Lettera del consumatore

9 giugno 2005
Domanda 9 giugno 2005
Buongiorno, il 31 Maggio scorso, io con la mia ragazza siamo andati in un mobilificio della mia citta' (Euro Due Arredi - Genova) perche' volevamo acquistare una cucina. Scelto il modello e la composizione, la mia ragazza ha firmato un ordine di acquisto, versando un acconto di 300 euro, il colore sarebbe stato scelto poi in seguito, e la presunta consegna e' stata fissata circa ad ottobre. Gia' il giorno dopo, ci siamo pentiti della scelta fatta, e ci siamo recati dal mobilificio, per chiedere di impegnare l'acconto versato in un altro acquisto sempre nello stesso mobilificio, ma c'e' stato detto che ormai l'ordine era stato effettuato alla fabbrica, e che non si poteva disdire.
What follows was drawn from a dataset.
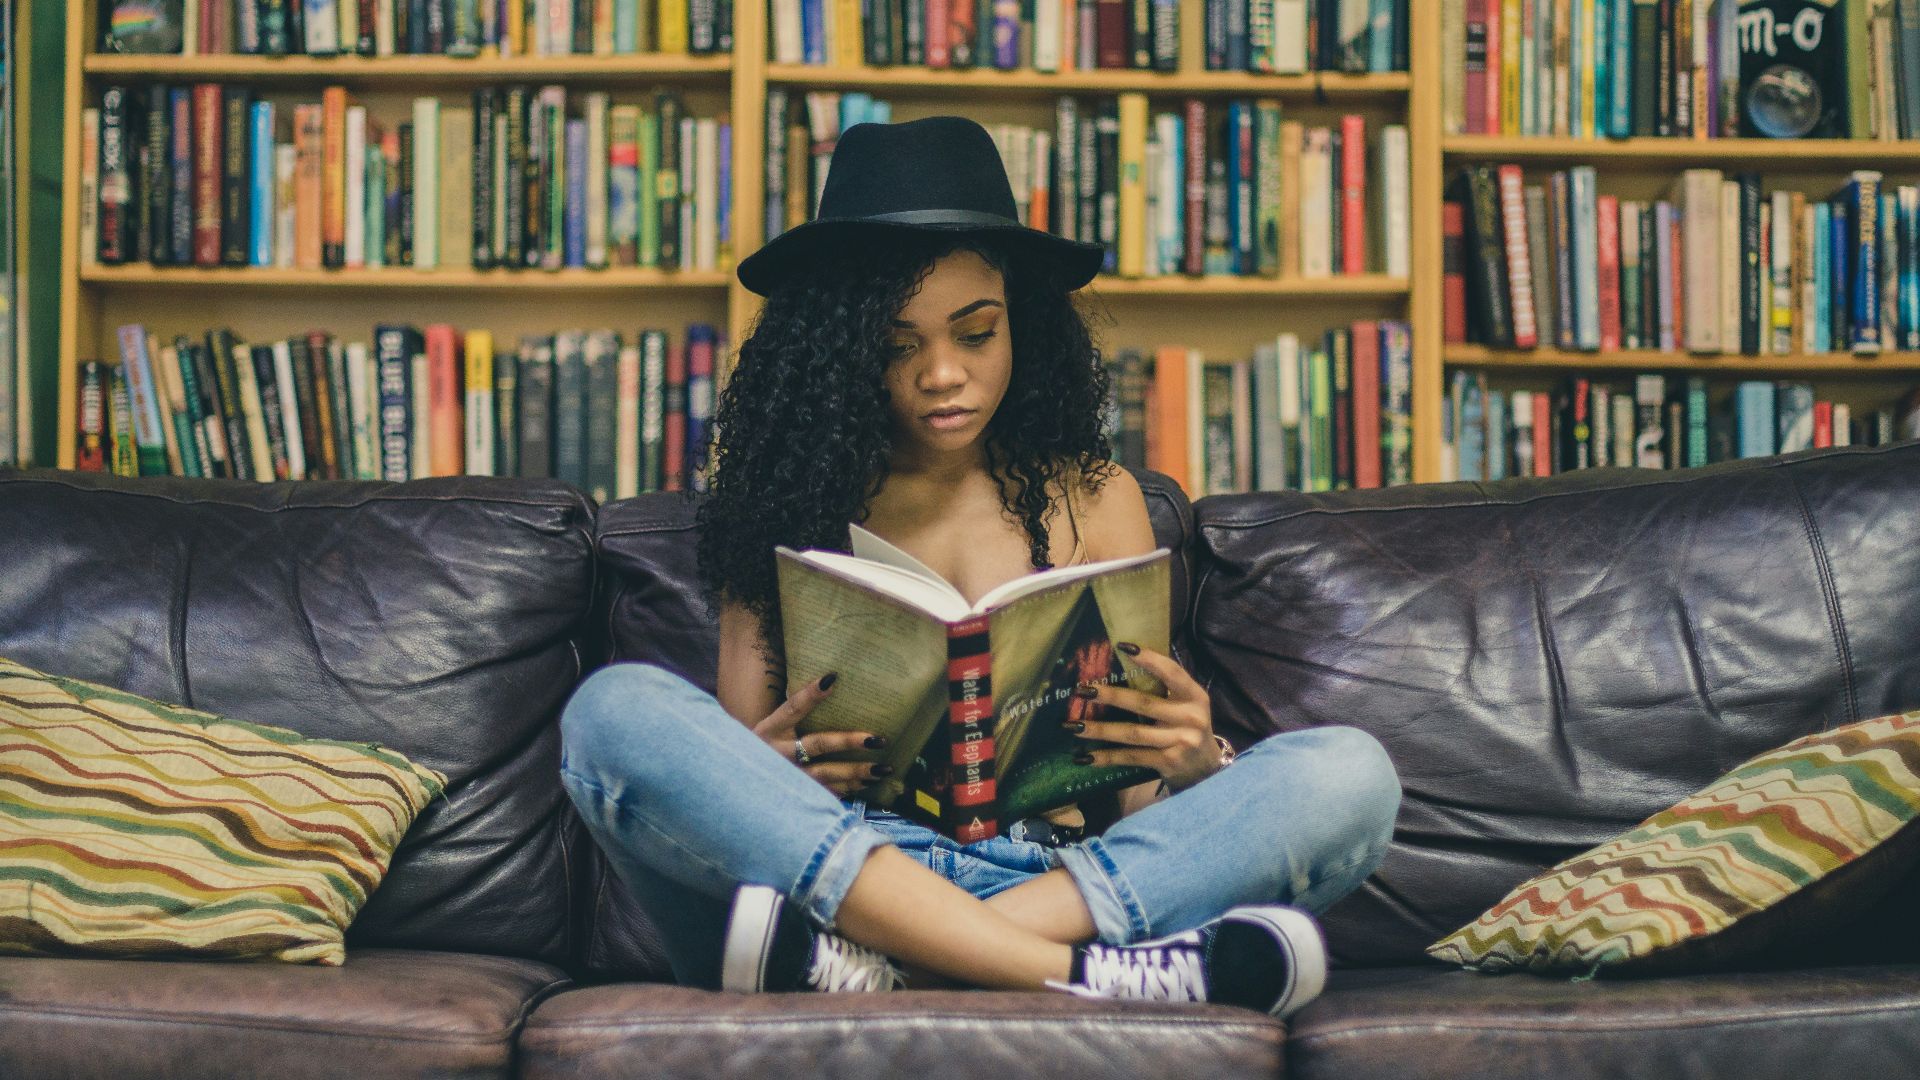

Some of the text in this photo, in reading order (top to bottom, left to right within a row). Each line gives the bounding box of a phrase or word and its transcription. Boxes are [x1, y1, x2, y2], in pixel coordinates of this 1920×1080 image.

Premesso che come citato nel contratto "colore da definire" non capisco cosa il mobilificio possa aver ordinato, ho provato piu' volte a convincere la venditrice ma mi e' stato sempre risposto che avevamo firmato un ordine, e che ci avrebbe potuto obbligare all'acquisto della cucina. Ora, vorrei chiedere ai vostri esperti, a che cosa posso andare in contro, e come mi devo comportare (io penso che piu' che perderci la caparra non possa succedere, e questo mi va bene) per evitare spiacevoli inconvenienti, visto che ho gia' ordinato un'altra cucina in un altro mobilificio. Saluti.
Massimo, da Genova

Risposta ADUC
In effetti, visto che il colore non era ancora indicato... anche se i mobili possono essere colorati successivamente alla fabbricazione. Comunque il contratto c'e' e lei ha parlato di acconto e non di caparra: chiarisca bene questo punto, perche' se si tratta di acconto possono intimarle anche l'adempimento del contratto, se invece fosse caparra la perde e tutto finisce li'.